Nós, jornalistas, aprendemos cedo, nas aulas de jornalismo, que não existe verdade absoluta, apesar de a busca pela fidelidade dos fatos ser o dever primordial e incansável de nossa profissão, semelhante à sina dos cavaleiros andantes em suas jornadas à procura do Santo Graal. Como bem sabemos os que lemos as lendas arturianas, encontrar de fato o cálice sagrado é o ponto menos importante da jornada. O processo de transformação do cavaleiro se dá justamente durante o transcorrer da busca, quando, ao enfrentar perigos, ocorre o fenômeno do autoconhecimento e o consequente amadurecimento do personagem, que seria, em última instância, simbolicamente, a conquista do Graal.
Nós, jornalistas andantes, temos ciência de que não existem verdades absolutas, mas, sim, versões dessas verdades, narradas a partir da ótica de cada testemunha. Tenho um exemplo claro e vívido da veracidade desse axioma sempre que me ponho a assistir a uma partida de futebol sentado no sofá da sala de casa, ao lado de minha esposa. Somos apenas duas pessoas compartilhando o mesmo ambiente (o gato não conta aqui, pelo bem da credibilidade jornalística), mas assistimos a partidas diferentes.
Terça-feira à noite o fenômeno se repetiu, durante o amistoso da Seleção Brasileira contra o México. Arrepiei-me de susto quando, no segundo tempo, um atacante mexicano atentou contra nossa meta e um valoroso cruzado amarelo de nossa zaga cabeceou o arredondado Graal para a linha de fundo, sobre o travessão. Suspirei de alívio, enquanto minha mulher se torcia de raiva ao meu lado, exclamando: “Droga, ele cabeceou mal e botou para fora”! Mirei-a, aparvalhado, até perceber que, enquanto eu via o México atacando e nós defendendo bravamente, ela testemunhava outra situação: imaginava que quem atacava era o Brasil, e o zagueiro defensor salvador da pátria se transformava, aos olhos dela, em um incompetente atacante que cabeceara para fora. Ela havia confundido os lados do campo.

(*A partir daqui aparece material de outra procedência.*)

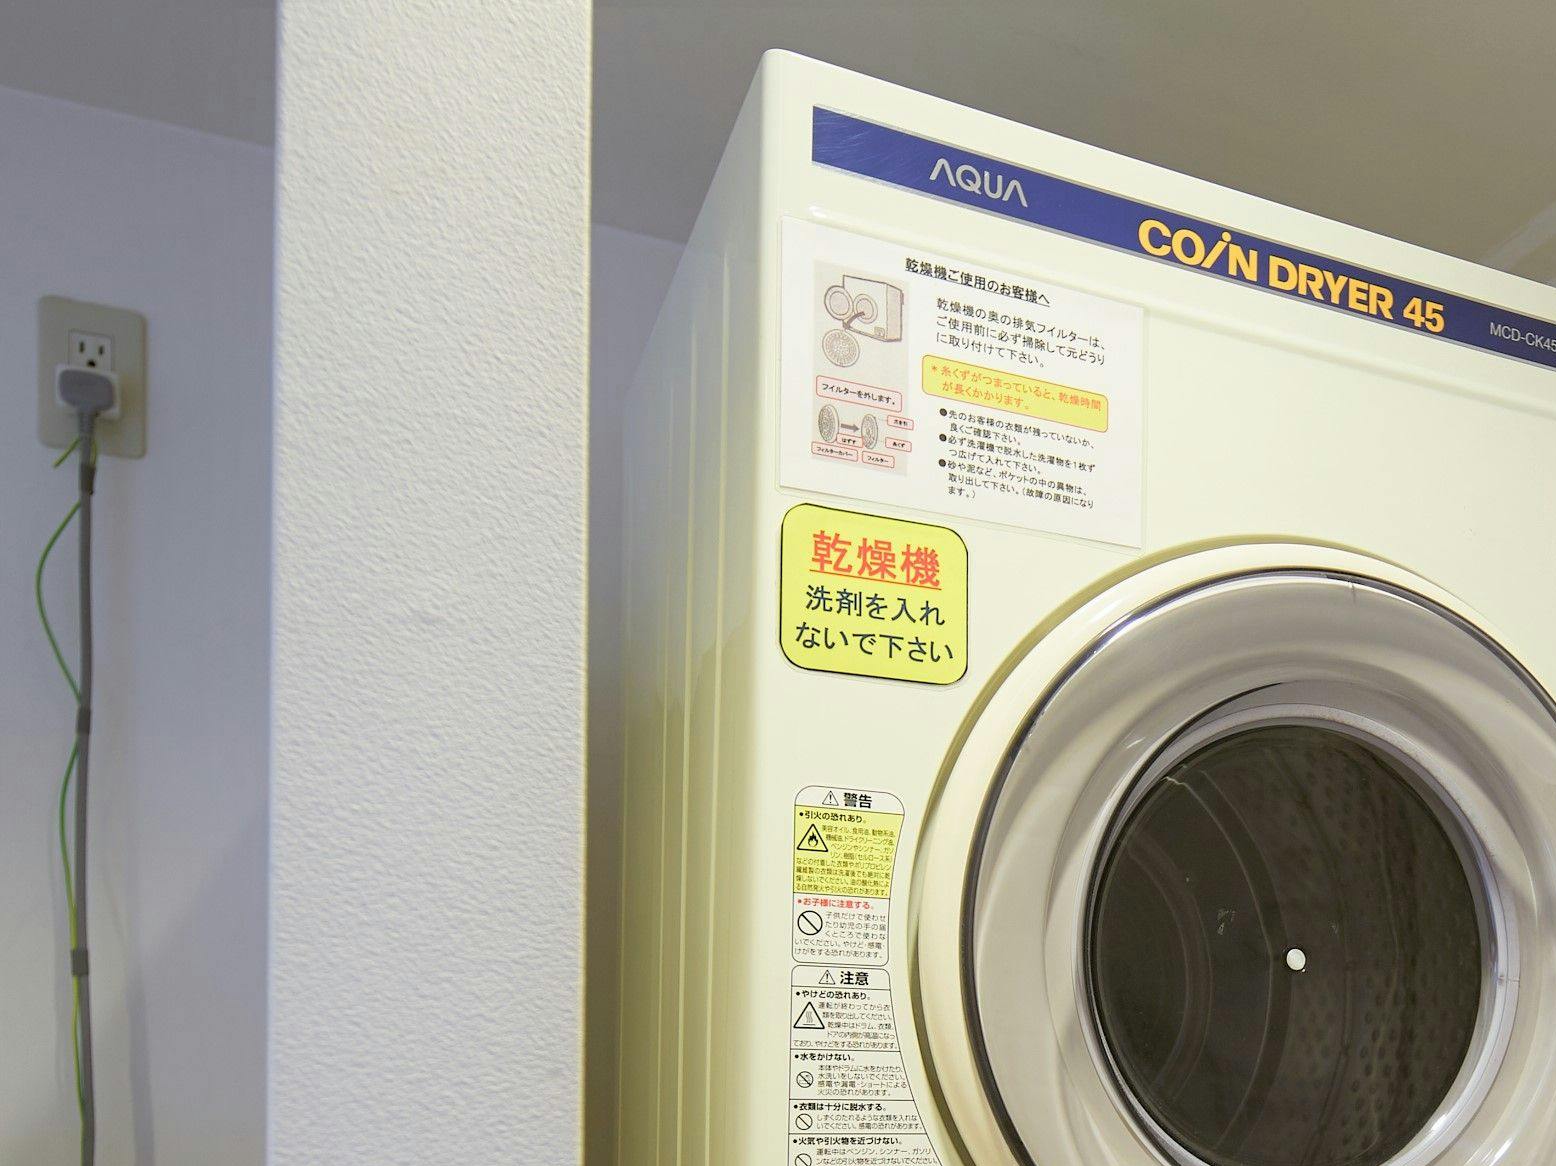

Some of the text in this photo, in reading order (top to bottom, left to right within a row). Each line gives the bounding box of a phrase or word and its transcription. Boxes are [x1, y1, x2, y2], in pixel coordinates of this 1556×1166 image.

[930, 158, 1028, 207] AQUA
[906, 257, 1050, 305] 乾燥機ご使用のお客様へ
[1269, 252, 1394, 321] DRYER
[1403, 297, 1445, 334] 45
[937, 316, 1105, 366] ご使用前に必ず掃除して元どうり
[937, 333, 1044, 368] に取り付けて下さい。
[943, 381, 1029, 409] が長くかかります。
[949, 410, 1095, 449] 先のお客様の衣類が残っていないか、
[950, 423, 1021, 445] 良くご確認下さい。
[949, 450, 1041, 473] つ広げて入れて下さい。
[948, 460, 1087, 495] 砂や泥など、ポケットの中の異物は、
[812, 530, 940, 587] 乾燥機
[806, 585, 945, 626] 洗剤を入れ
[796, 622, 953, 663] ないで下さい
[844, 792, 872, 808] 警告
[805, 810, 866, 823] 引火の恐れあり。
[803, 899, 874, 909] お子様に注意する。
[826, 912, 886, 921] 子供だけで使わせ
[840, 971, 869, 986] 注意
[802, 990, 870, 1000] やけどの恐れあり。
[818, 1002, 890, 1011] 運転が終わってから衣
[800, 1053, 855, 1062] 水をかけない。
[799, 1103, 886, 1112] 衣類は十分に脱水する。
[799, 1137, 903, 1146] 火気や引火物を近づけない。
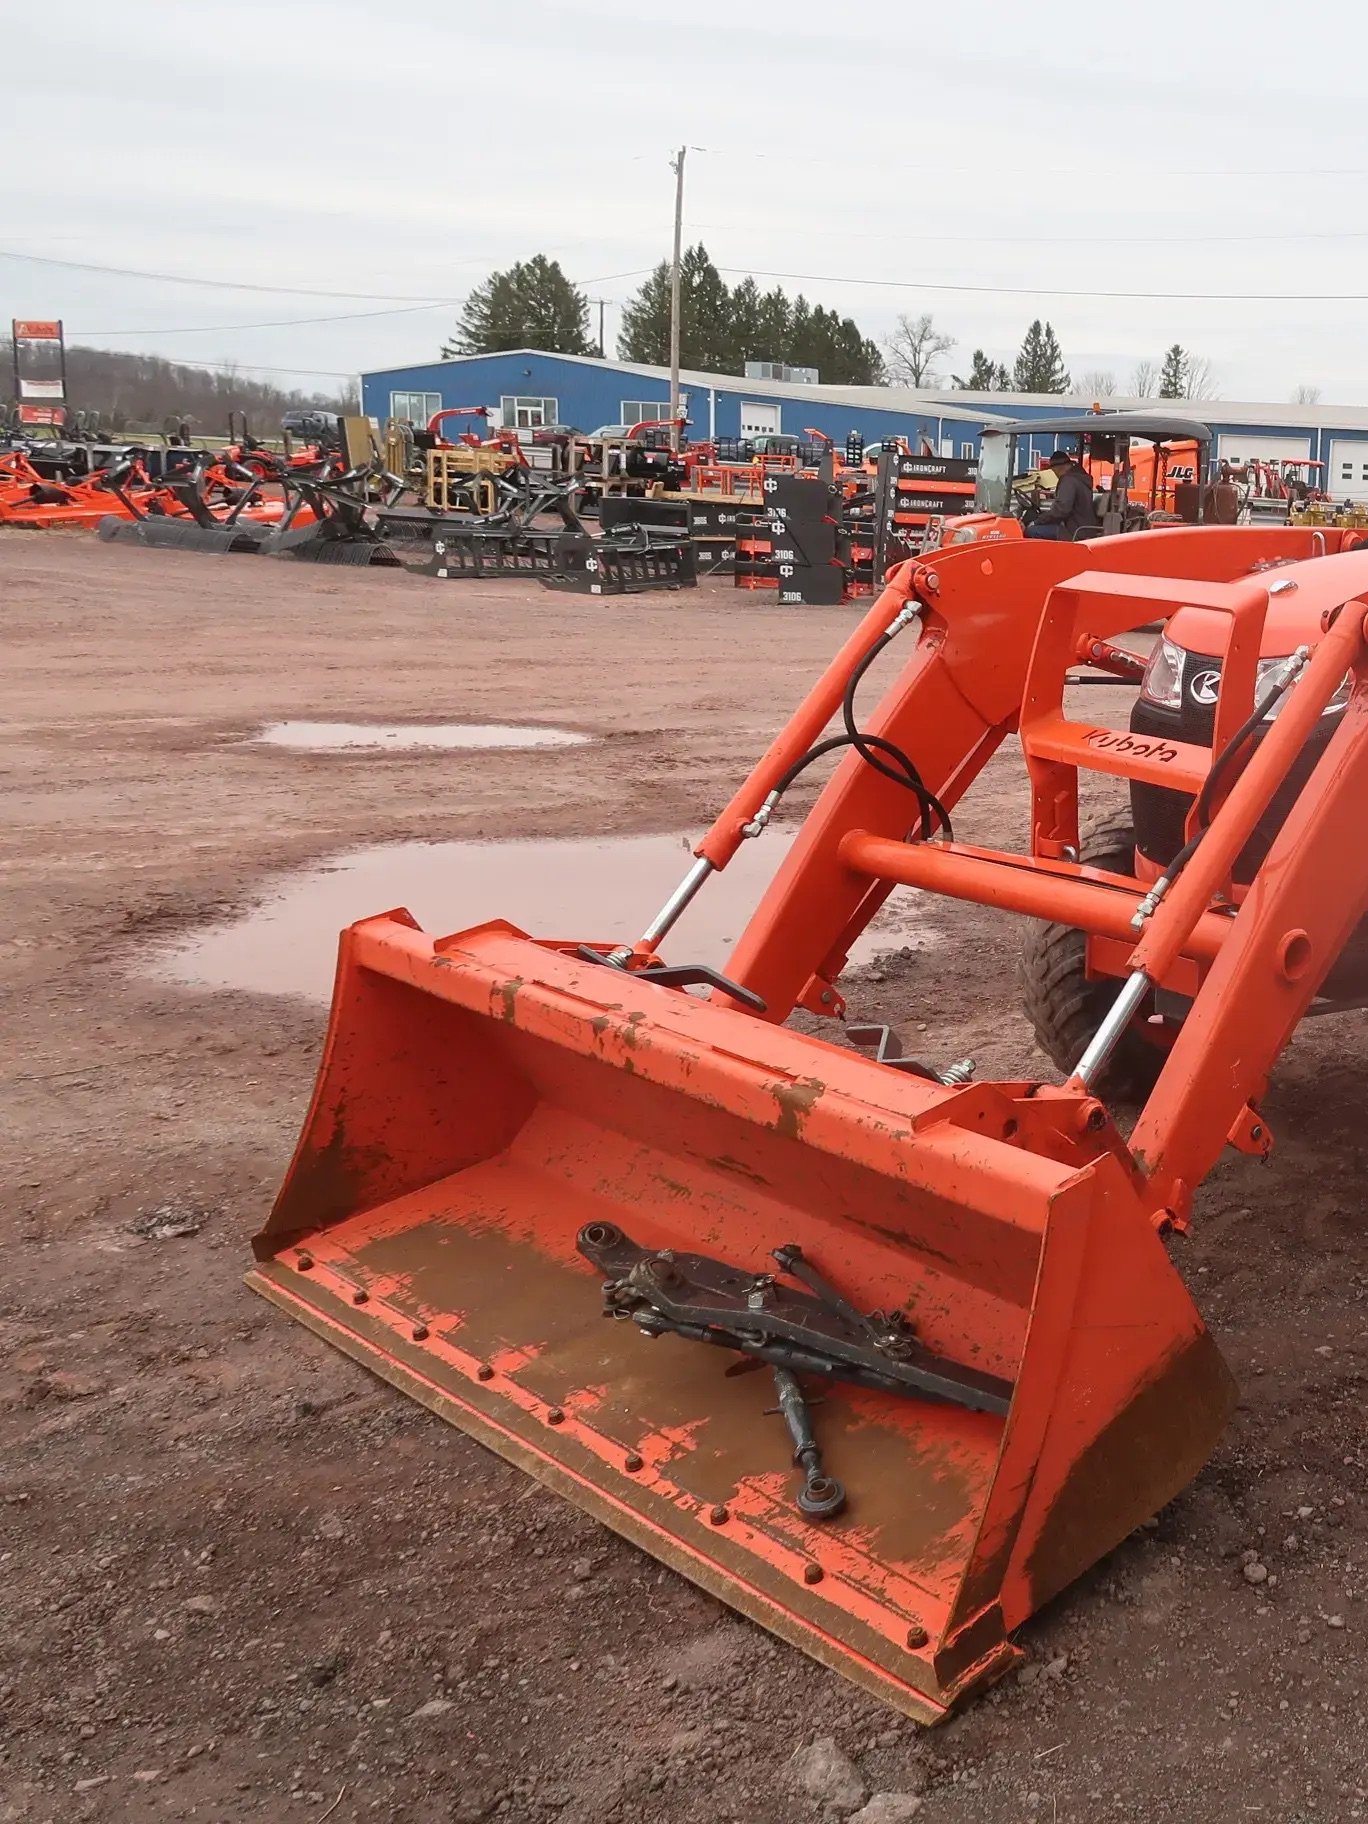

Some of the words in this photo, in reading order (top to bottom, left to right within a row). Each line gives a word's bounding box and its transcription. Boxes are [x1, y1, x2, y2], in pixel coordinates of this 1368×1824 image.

[913, 464, 946, 473] IRONCRAFT
[967, 467, 977, 475] 310
[1166, 466, 1195, 479] JLG
[910, 500, 943, 508] IRONCRAFT
[964, 500, 974, 508] 310
[775, 550, 793, 560] 3106
[783, 592, 802, 601] 3106
[1081, 729, 1178, 762] Kubota

Quantas vezes em nossas vidas, ao acelerarmos nossos prejulgamentos e preconceitos de plantão, não estamos nos colocando no campo inverso de uma situação? É quando corremos o risco de botar bola fora ou de cometer gol contra.
(Crônica publicada no jornal Pioneiro em 14 de outubro de 2011)
Um comentário:
“(...) não existem verdades absolutas, mas, sim, versões dessas verdades, narradas a partir da ótica de cada testemunha.”
É reconfortante ler tal afirmação ainda mais proveniente de alguém com um intelecto avançado, pois nunca esqueço-me de um crente na rua me enchendo de impropérios quando eu invoquei a ideia de que a verdade é subjetiva. Ele insistia que a versão dele era a única, a original, já que deus não poderia ser contrariado.
Contrariados ficamos ambos, pois eu segui meu caminho pensando em verdades meramente relativas e ele provavelmente atacou outros transeuntes para pregar sua única verdade incontestável, a qual contestei e fui fuzilado por palavras de fé regadas por um dogmatismo pilantra e por um maniqueísmo pra lá de assustador.
Não sou contra religiosos, sou contra a uma tal Dona Hipocrisia.
Como sempre, as crônicas do recanto das Futilidades Literais me fazem trazer a tona reminiscências diversas.